What a week it has been.
The U.K. left the EU. Trump visited Bangor. First lady Ann LePage got a summer job. A 10-foot snake was spotted eating a beaver in Westbrook.
Lots of noise, no doubt, that must have been music to the ears of the LePage administration. Before this cacophonous week descended upon us, the administration was identified in a piece published in this paper as having redirected millions meant to help poor families with kids. It’s a move one imagines even the governor’s most unapologetic supporters would be unable to get behind. But fortunately for Teflon LePage, with all of this noise, the shocking revelation has received little attention.
In short, according to the BDN article, the state used at least $7.8 million in “unspent federal welfare funds in an ‘innovative’ way that would direct more money to services for elderly and disabled Mainers.”
Federal money used in an “innovative” way to support elderly and disabled Mainers? What could be the problem?
Well, the issue is that those funds were legally bound to be spent on needy families with children because bountiful research shows that investing in these families is legitimately helpful despite how one might feel about assistance overall.
So it appears that all this “innovative” redirection was illegal. And there has been relative radio silence on this since, what with the Brits and the snakes and the governor wagging his finger about the sorts of foods to people on public assistance should be able to buy. For governors trying to get away with shady policies under the radar, 2016 has been a doozy of a year.
It would seem that a foundation of the administration’s justification of this seemingly illegal reprioritization is built on a rhetorical and nearly Orwellian massaging of language. The redirection may be unlawful, sure, but it’s redirection from “able-bodied people” to disabled and elderly people.
Think about that for a second. How many times have you heard these phrases thrown around without even thinking about them? As a taxpayer, don’t you want your money to go to people who need it most?

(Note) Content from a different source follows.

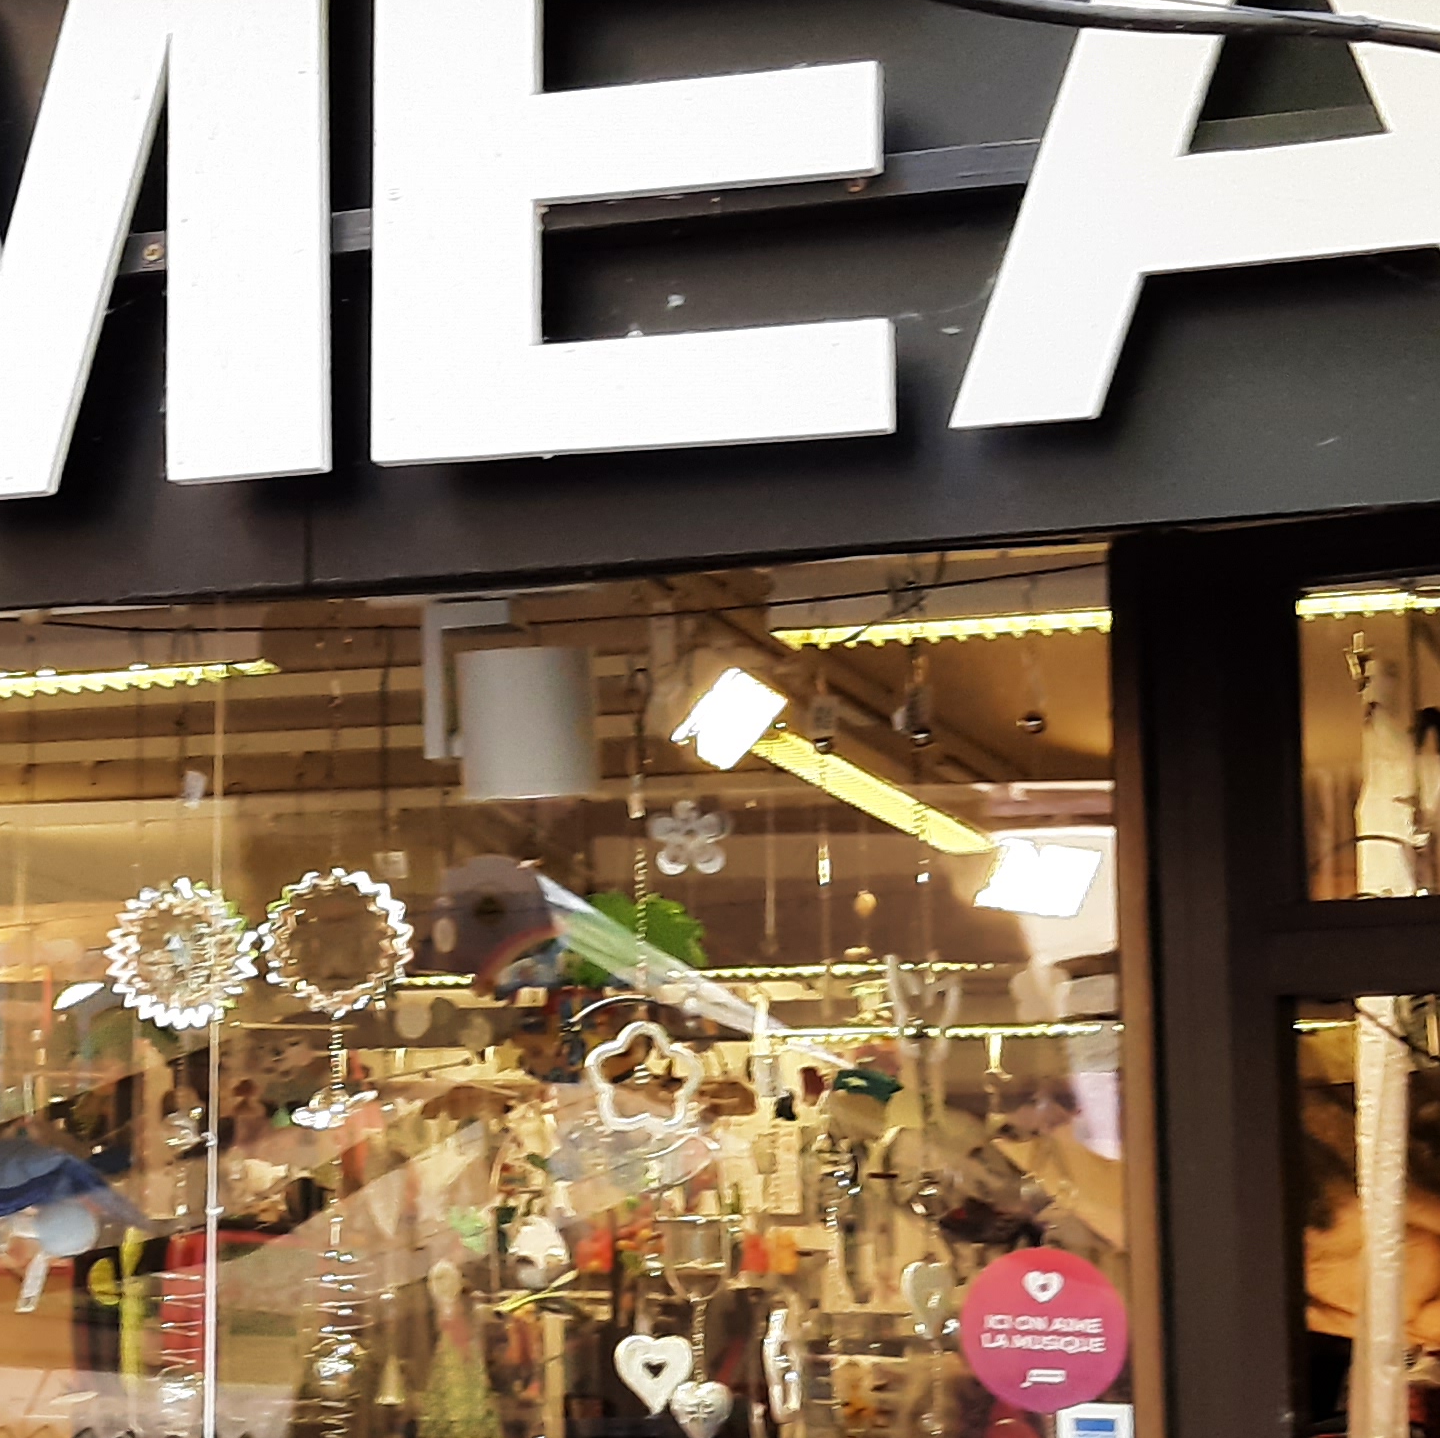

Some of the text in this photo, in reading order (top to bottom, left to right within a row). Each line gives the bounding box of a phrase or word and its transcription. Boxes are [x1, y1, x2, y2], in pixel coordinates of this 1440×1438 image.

[983, 1313, 1104, 1335] ICI ON AIME
[980, 1332, 1108, 1354] LA MUSIQUE

Of course you do. Aren’t people who are disabled in more need than people who are able-bodied?
And that’s why this is such effective political rhetoric, used to justify even an unlawful redirection of federal funds.
The first issue with the positioning of “able-bodied” or “disabled” is that it’s entirely misleading and dismissive of issues that can be extraordinarily debilitating to those facing them without technically qualifying as a disability. A survivor of rape or sexual abuse, for example, is able-bodied, as is someone who struggles with mental illness. A child who lives in the turbulence of poverty may be able-bodied, as their parents may be, but the trauma inflicted by a life of poverty can be incredibly debilitating. It can have profound, lasting effects on the child’s ability to perform in an educational setting and, in the long run, a professional environment. Poverty can be a multipronged psychological assault, and it can have crippling lifelong effects.

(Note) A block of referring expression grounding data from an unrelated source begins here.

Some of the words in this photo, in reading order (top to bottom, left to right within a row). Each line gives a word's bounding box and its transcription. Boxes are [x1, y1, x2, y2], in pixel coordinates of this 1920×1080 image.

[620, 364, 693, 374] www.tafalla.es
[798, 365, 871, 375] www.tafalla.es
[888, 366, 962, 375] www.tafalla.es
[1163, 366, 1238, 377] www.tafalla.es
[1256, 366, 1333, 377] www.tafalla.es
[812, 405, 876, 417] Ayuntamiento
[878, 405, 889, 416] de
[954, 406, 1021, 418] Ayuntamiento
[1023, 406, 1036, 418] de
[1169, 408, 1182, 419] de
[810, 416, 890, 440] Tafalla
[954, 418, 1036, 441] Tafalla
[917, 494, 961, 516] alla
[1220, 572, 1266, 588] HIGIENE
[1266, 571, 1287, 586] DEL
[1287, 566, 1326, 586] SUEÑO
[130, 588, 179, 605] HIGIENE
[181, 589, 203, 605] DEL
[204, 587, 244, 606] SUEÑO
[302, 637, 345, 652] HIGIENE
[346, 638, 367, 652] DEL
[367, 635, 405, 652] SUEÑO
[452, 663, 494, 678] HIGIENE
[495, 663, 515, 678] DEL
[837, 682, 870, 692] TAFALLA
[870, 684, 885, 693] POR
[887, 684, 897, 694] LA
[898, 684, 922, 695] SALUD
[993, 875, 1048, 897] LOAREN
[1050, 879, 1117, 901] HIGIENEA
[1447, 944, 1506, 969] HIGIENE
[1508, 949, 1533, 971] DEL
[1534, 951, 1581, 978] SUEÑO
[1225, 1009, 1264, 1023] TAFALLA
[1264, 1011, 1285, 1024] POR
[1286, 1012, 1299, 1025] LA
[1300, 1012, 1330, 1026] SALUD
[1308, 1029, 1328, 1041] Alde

None of this even mentions that the choice to withdraw funding from children facing poverty is a terrible approach to long-term economic development, as it does nothing to prepare our future workforce for the information economy.
So by this point you’re probably thinking, “Sure, but what about the disabled and elderly? Why aren’t they a priority, too?”

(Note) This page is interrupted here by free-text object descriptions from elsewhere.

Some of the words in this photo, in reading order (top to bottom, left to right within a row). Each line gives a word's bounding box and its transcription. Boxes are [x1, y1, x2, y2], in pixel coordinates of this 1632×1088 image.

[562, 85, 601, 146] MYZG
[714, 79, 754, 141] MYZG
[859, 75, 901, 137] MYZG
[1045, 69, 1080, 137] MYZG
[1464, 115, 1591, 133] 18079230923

They absolutely should be, and this leads to the second issue with this sort of rhetorical positioning. The language of “reprioritizing Maine’s welfare system to best serve our neediest elderly and disabled neighbors” creates a false “either/or” dichotomy.
In the case of the millions in redirected funds, taking funds earmarked for “able-bodied” children and giving them to the elderly appears to have been illegal. Even if it wasn’t, we can still collectively value supporting both groups for different reasons. The only time we don’t have the flexibility to do this and are put into an either/or position, is when those in power, say, oppose Medicaid expansion and force these manifestations of Sophie’s choice.
Behind the rhetoric is more of the same from the LePage administration: a shell game — in this case, one that challenges the law — designed to make dumb choices look like they were thoughtful and strategic.
Don’t let this raucous week — hell, this raucous year — enable LePage and company to get away with such callousness.
This sort of rhetorical maneuvering, manufactured to distract us from the fact that they are taking money away from poor kids, exposes LePage and his administration once again for being the brazen, fat cat caricatures of politicians they’re always assuring us they are not.
Alex Steed has written about and engaged in politics since he was a teenager. He’s an owner-partner of a Portland-based content production company and lives with his family, dogs and garden in Cornish.